The idea is that similar users will have similar rating habits, and similar businesses will receive similar ratings from users.

# Code

In [39]:
import pandas as pd
import numpy as np
import matplotlib.pyplot as plt
from src.get_data import *
from IPython.display import clear_output
from sklearn.cluster import KMeans
from sklearn.linear_model import Ridge
from src.get_data import *
import ast
import time

In [3]:
%load_ext autoreload
%autoreload 2

# Fetch data, do clustering, and add feature(s)

In [37]:
b_data, u_data, reviews = get_training_data()
valid_queries = get_validation_reviews()

kmeans_b = KMeans(n_clusters=8)
kmeans_b.fit(b_data.values)
b_labels = kmeans_b.predict(b_data.values)

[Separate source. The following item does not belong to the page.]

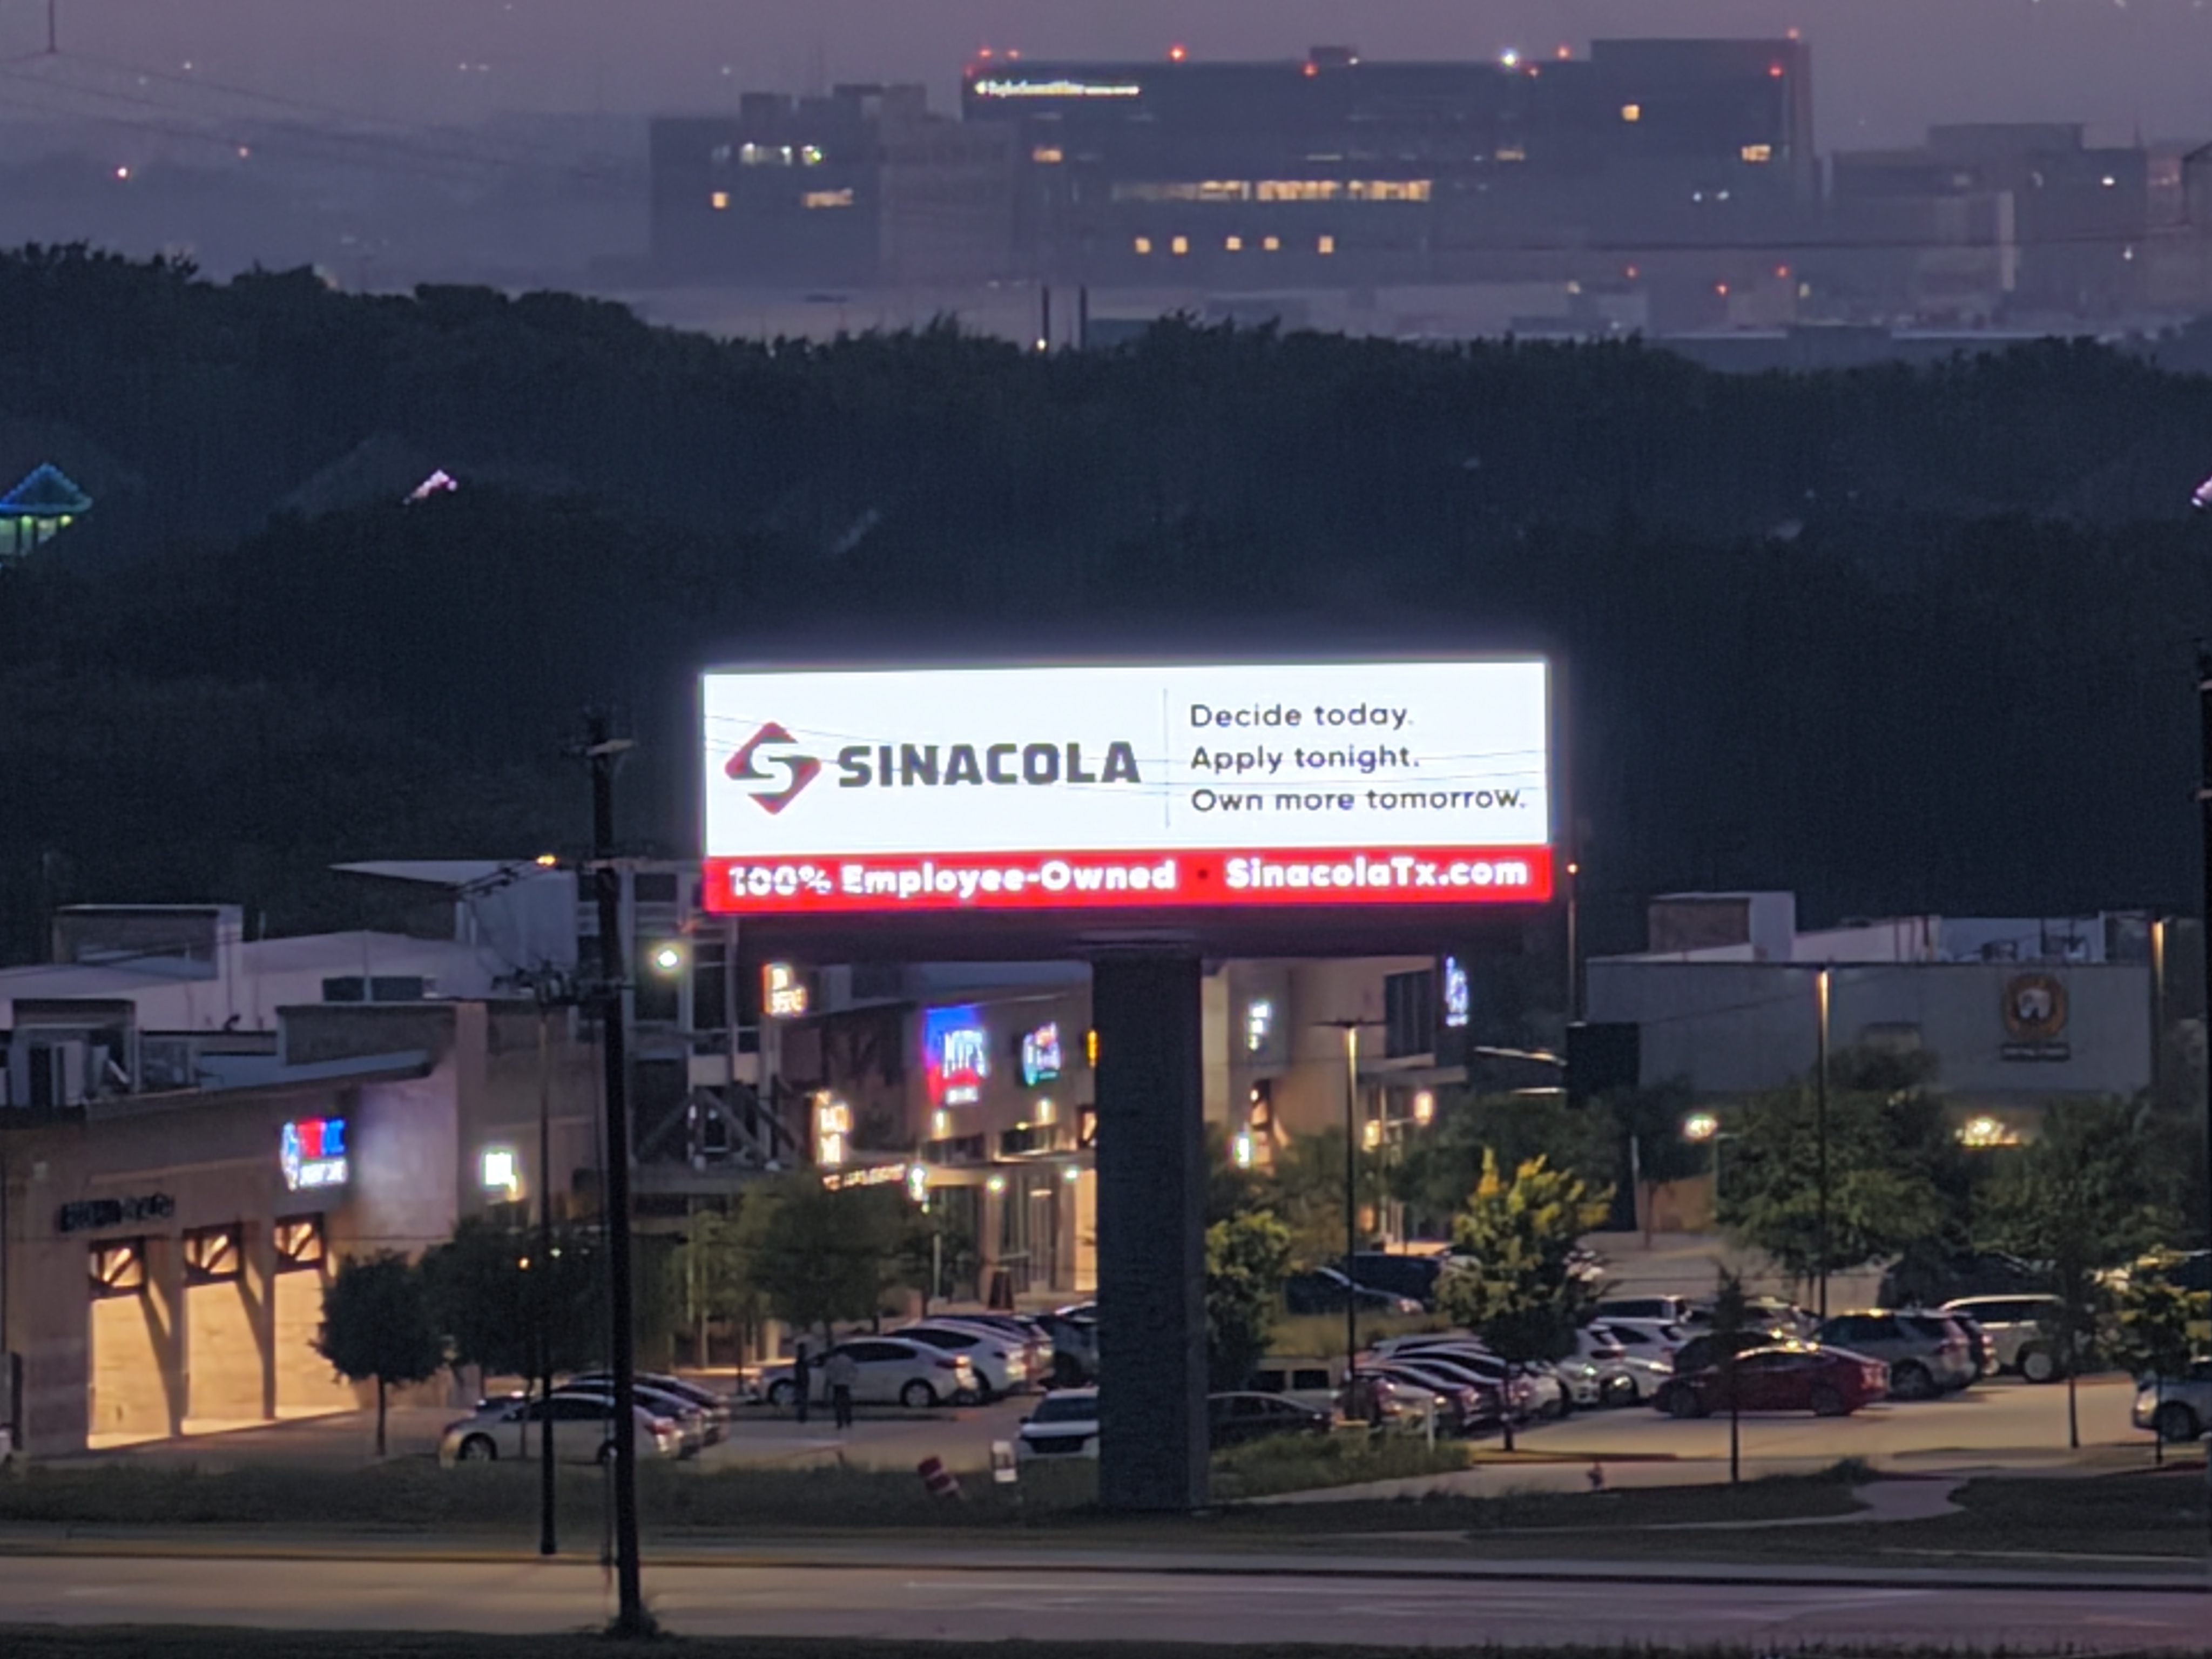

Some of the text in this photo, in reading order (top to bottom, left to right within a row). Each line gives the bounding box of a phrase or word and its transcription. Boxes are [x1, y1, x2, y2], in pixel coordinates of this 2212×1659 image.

b_data.insert(loc=len(b_data.columns), column='KMeans_cluster_b', value=b_labels)
b_data = one_hot_encode(b_data, 'KMeans_cluster_b')

kmeans_u = KMeans(n_clusters=8)
kmeans_u.fit(u_data.values)
u_labels = kmeans_u.predict(u_data.values)

u_data.insert(loc=len(u_data.columns), column='KMeans_cluster_u', value=u_labels)
u_data = one_hot_encode(u_data, 'KMeans_cluster_u')

# Now construct design matrix

In [38]:
X_train, y_train = construct_design_matrix(
    b_data, u_data, reviews, return_df=True, verbose=True
)
X_valid, y_valid = construct_design_matrix(
    b_data, u_data, valid_queries, return_df=True, verbose=True
)

Constructing design matrix now.
0/150232 done
20000/150232 done
40000/150232 done
60000/150232 done
80000/150232 done
100000/150232 done
120000/150232 done
140000/150232 done
Finished!
Constructing design matrix now.
0/50077 done
20000/50077 done
40000/50077 done
Finished!


# Regression (ridge)

In [42]:
def rmse(y1, y2):
    return np.sqrt(np.mean((y1-y2)**2))

clf = Ridge(alpha=0.1)
clf.fit(X_train.values, y_train)

y_pred_train = clf.predict(X_train.values)
ypt_err = rmse(y_train, y_pred_train)

y_pred_valid = clf.predict(X_valid.values)
ypv_err = rmse(y_valid, y_pred_valid)

print('%f  <- training RMSE' % ypt_err)
print('%f  <- validation RMSE' % ypv_err)

1.005137  <- training RMSE
1.051989  <- validation RMSE